Task goal: Your reproduction of the entries should be exact and should contain no pictures.

* * * * * * *

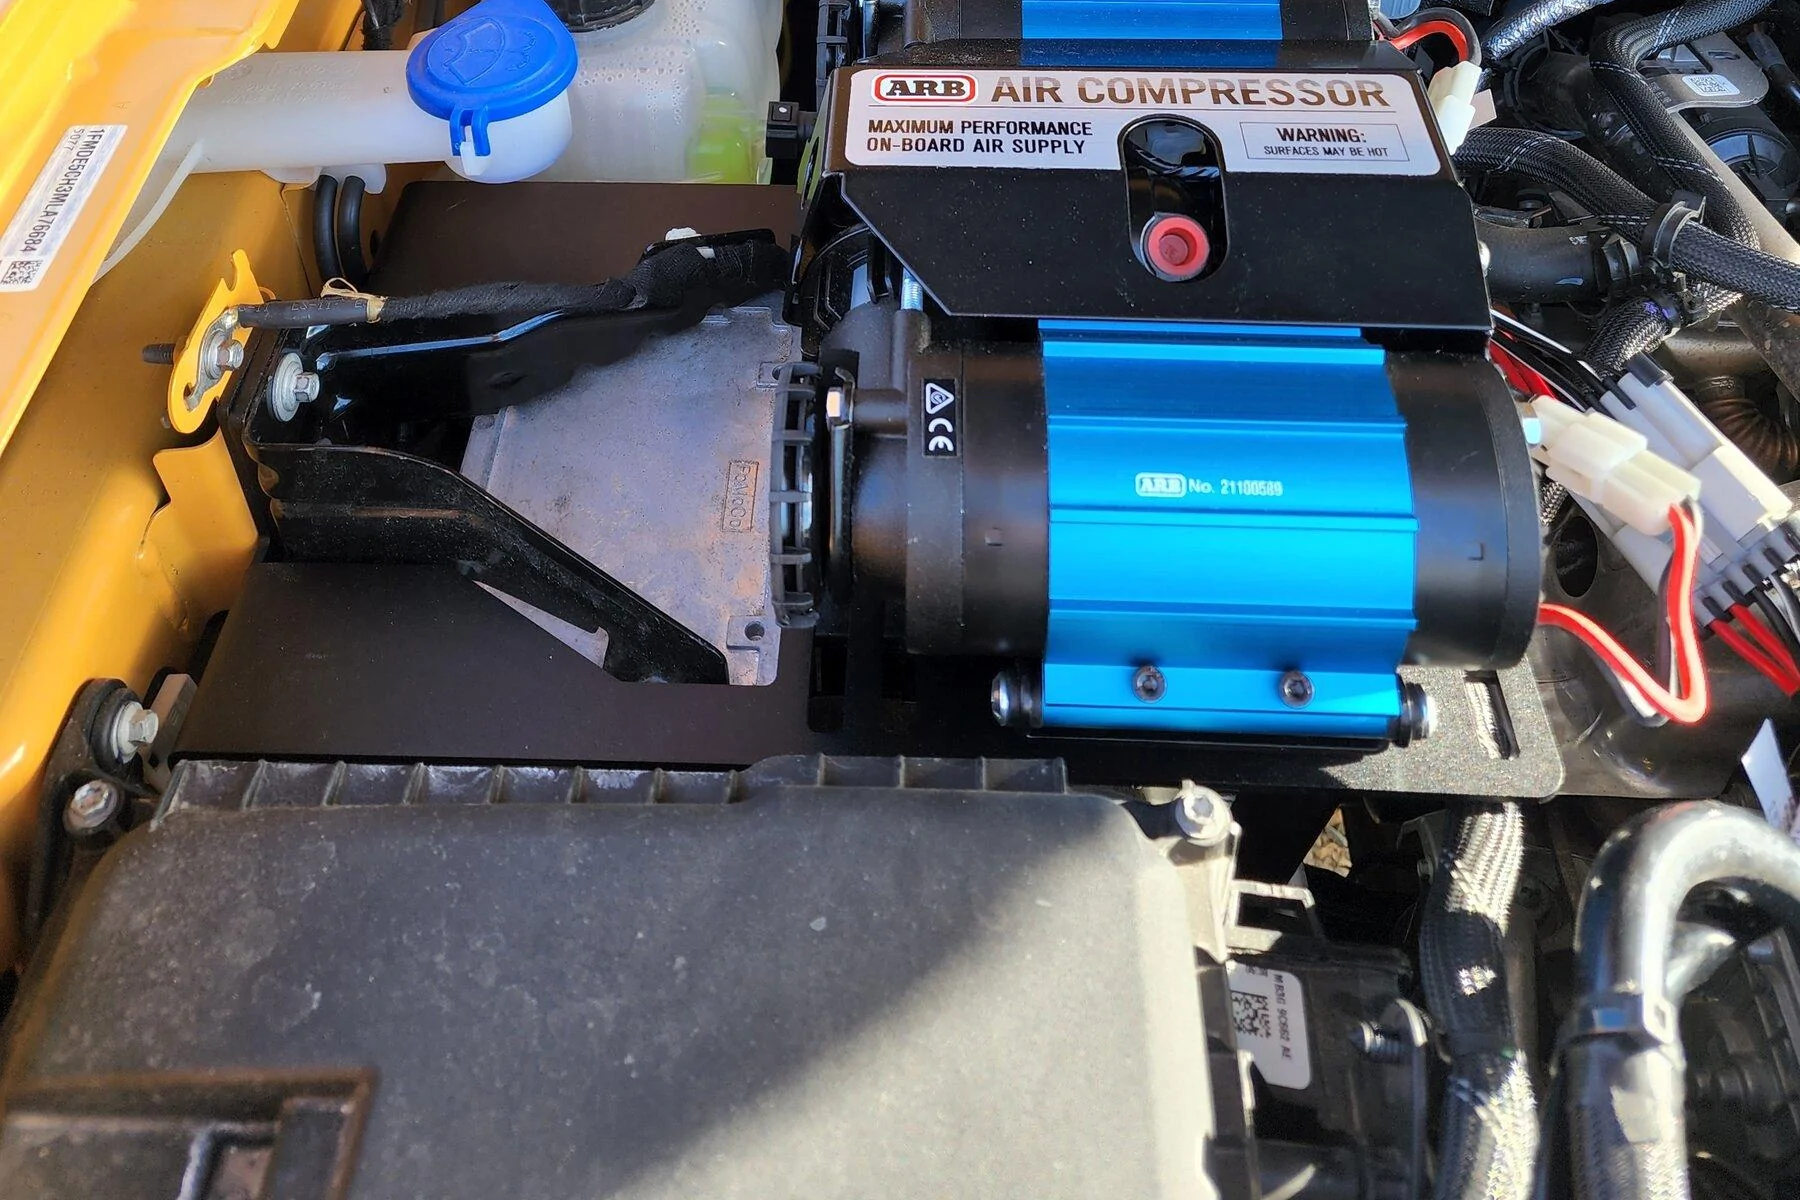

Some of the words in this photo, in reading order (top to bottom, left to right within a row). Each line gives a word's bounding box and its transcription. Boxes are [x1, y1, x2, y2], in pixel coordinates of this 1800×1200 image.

[886, 80, 966, 97] ARB
[991, 76, 1063, 103] AIR
[1077, 77, 1391, 107] COMPRESSOR
[868, 120, 954, 134] MAXIMUM
[961, 120, 1093, 136] PERFORMANCE
[1276, 127, 1367, 144] WARNING:
[867, 137, 965, 153] ON-BOARD
[973, 138, 1004, 153] AIR
[1012, 139, 1086, 154] SUPPLY
[1264, 146, 1320, 156] SURFACES
[1323, 146, 1345, 157] MAY
[1349, 147, 1364, 157] BE
[1367, 147, 1389, 157] HOT
[1188, 479, 1215, 494] No.
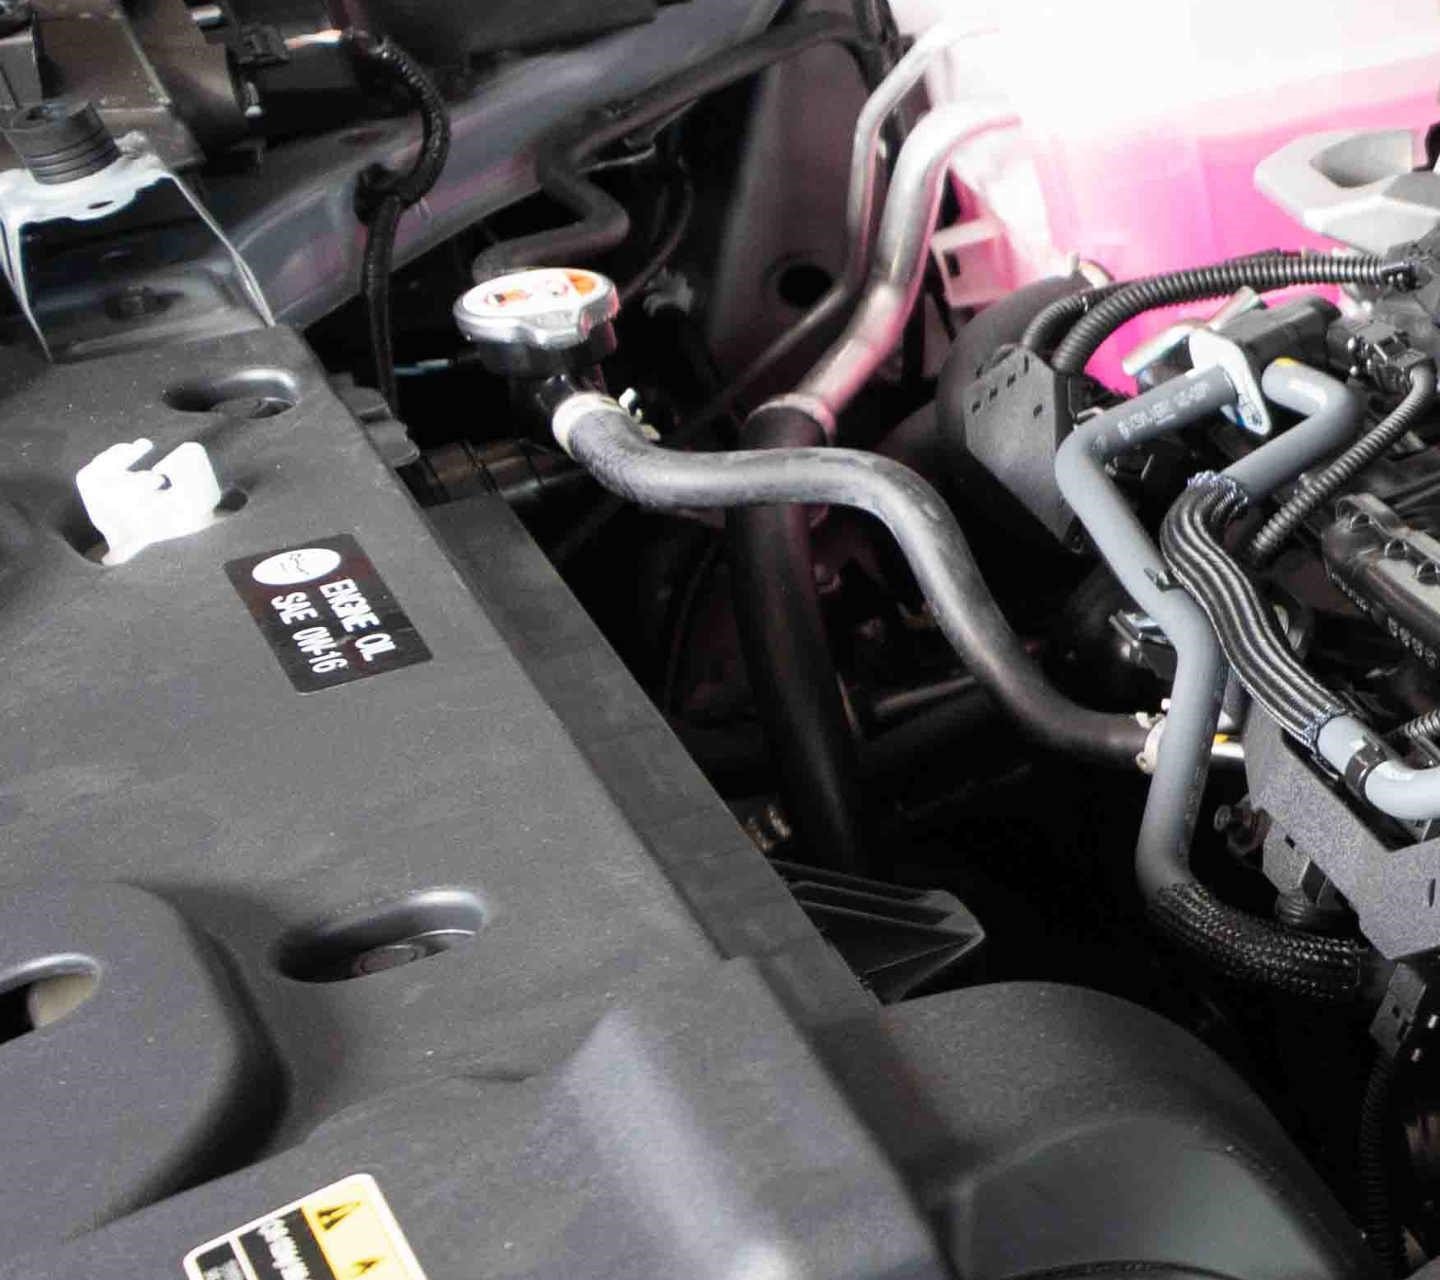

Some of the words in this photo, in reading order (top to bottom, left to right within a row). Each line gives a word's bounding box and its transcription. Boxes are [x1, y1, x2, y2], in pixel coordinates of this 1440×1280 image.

[270, 591, 318, 625] SAE
[319, 578, 380, 633] ENGINE
[354, 632, 396, 663] OIL
[292, 626, 349, 674] 0W-16

* * * * * * *

Answer box:
Some of the words in this photo, in reading order (top to bottom, left to right within a row). Each line gives a word's bounding box and its transcription. Boxes are [x1, y1, x2, y2], in pixel coordinates of this 1800×1200 image.

[886, 80, 966, 97] ARB
[991, 76, 1063, 103] AIR
[1077, 77, 1391, 107] COMPRESSOR
[868, 120, 954, 134] MAXIMUM
[961, 120, 1093, 136] PERFORMANCE
[1276, 127, 1367, 144] WARNING:
[867, 137, 965, 153] ON-BOARD
[973, 138, 1004, 153] AIR
[1012, 139, 1086, 154] SUPPLY
[1264, 146, 1320, 156] SURFACES
[1323, 146, 1345, 157] MAY
[1349, 147, 1364, 157] BE
[1367, 147, 1389, 157] HOT
[1188, 479, 1215, 494] No.

Some of the words in this photo, in reading order (top to bottom, left to right within a row). Each line gives a word's bounding box and its transcription. Boxes are [x1, y1, x2, y2], in pixel coordinates of this 1440×1280 image.

[270, 591, 318, 625] SAE
[319, 578, 380, 633] ENGINE
[354, 632, 396, 663] OIL
[292, 626, 349, 674] 0W-16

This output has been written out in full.